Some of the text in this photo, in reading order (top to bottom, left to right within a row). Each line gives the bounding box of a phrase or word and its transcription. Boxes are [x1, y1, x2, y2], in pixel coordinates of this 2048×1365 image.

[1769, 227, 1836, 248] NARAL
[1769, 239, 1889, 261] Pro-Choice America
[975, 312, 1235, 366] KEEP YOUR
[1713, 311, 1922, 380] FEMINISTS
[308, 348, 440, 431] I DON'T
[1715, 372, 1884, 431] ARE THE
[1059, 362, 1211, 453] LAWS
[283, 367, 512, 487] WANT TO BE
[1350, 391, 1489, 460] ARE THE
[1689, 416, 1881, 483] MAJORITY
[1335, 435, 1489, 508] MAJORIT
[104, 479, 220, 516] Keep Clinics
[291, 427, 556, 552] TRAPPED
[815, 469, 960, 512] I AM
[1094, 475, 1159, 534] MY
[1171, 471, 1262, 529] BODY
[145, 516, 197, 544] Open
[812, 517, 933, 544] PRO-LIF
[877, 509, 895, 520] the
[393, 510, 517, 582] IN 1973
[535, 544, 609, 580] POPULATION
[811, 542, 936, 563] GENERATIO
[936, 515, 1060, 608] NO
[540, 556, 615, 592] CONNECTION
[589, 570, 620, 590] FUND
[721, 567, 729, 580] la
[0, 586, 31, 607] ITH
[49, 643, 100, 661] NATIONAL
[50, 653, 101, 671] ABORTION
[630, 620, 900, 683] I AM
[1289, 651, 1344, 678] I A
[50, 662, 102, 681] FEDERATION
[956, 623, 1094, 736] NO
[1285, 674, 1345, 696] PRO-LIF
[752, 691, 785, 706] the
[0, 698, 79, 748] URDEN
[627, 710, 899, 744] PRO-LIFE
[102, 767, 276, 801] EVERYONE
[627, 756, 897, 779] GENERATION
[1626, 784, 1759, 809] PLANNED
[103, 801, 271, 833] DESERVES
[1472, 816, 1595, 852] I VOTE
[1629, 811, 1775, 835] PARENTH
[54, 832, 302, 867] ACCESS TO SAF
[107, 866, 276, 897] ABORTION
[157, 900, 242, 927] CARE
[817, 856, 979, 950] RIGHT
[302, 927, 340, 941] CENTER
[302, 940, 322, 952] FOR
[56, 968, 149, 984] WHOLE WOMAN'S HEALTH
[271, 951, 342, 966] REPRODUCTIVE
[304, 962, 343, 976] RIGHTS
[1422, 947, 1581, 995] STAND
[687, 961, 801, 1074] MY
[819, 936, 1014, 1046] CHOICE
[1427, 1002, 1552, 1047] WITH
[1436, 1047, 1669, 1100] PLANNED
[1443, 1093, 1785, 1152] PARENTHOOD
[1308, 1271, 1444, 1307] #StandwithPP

### Problem statement:
Reprint every entry exactly.

### Task solution:
Some of the text in this photo, in reading order (top to bottom, left to right within a row). Each line gives the bounding box of a phrase or word and its transcription. Boxes are [x1, y1, x2, y2], in pixel coordinates of this 2048×1365 image.

[1769, 227, 1836, 248] NARAL
[1769, 239, 1889, 261] Pro-Choice America
[975, 312, 1235, 366] KEEP YOUR
[1713, 311, 1922, 380] FEMINISTS
[308, 348, 440, 431] I DON'T
[1715, 372, 1884, 431] ARE THE
[1059, 362, 1211, 453] LAWS
[283, 367, 512, 487] WANT TO BE
[1350, 391, 1489, 460] ARE THE
[1689, 416, 1881, 483] MAJORITY
[1335, 435, 1489, 508] MAJORIT
[104, 479, 220, 516] Keep Clinics
[291, 427, 556, 552] TRAPPED
[815, 469, 960, 512] I AM
[1094, 475, 1159, 534] MY
[1171, 471, 1262, 529] BODY
[145, 516, 197, 544] Open
[812, 517, 933, 544] PRO-LIF
[877, 509, 895, 520] the
[393, 510, 517, 582] IN 1973
[535, 544, 609, 580] POPULATION
[811, 542, 936, 563] GENERATIO
[936, 515, 1060, 608] NO
[540, 556, 615, 592] CONNECTION
[589, 570, 620, 590] FUND
[721, 567, 729, 580] la
[0, 586, 31, 607] ITH
[49, 643, 100, 661] NATIONAL
[50, 653, 101, 671] ABORTION
[630, 620, 900, 683] I AM
[1289, 651, 1344, 678] I A
[50, 662, 102, 681] FEDERATION
[956, 623, 1094, 736] NO
[1285, 674, 1345, 696] PRO-LIF
[752, 691, 785, 706] the
[0, 698, 79, 748] URDEN
[627, 710, 899, 744] PRO-LIFE
[102, 767, 276, 801] EVERYONE
[627, 756, 897, 779] GENERATION
[1626, 784, 1759, 809] PLANNED
[103, 801, 271, 833] DESERVES
[1472, 816, 1595, 852] I VOTE
[1629, 811, 1775, 835] PARENTH
[54, 832, 302, 867] ACCESS TO SAF
[107, 866, 276, 897] ABORTION
[157, 900, 242, 927] CARE
[817, 856, 979, 950] RIGHT
[302, 927, 340, 941] CENTER
[302, 940, 322, 952] FOR
[56, 968, 149, 984] WHOLE WOMAN'S HEALTH
[271, 951, 342, 966] REPRODUCTIVE
[304, 962, 343, 976] RIGHTS
[1422, 947, 1581, 995] STAND
[687, 961, 801, 1074] MY
[819, 936, 1014, 1046] CHOICE
[1427, 1002, 1552, 1047] WITH
[1436, 1047, 1669, 1100] PLANNED
[1443, 1093, 1785, 1152] PARENTHOOD
[1308, 1271, 1444, 1307] #StandwithPP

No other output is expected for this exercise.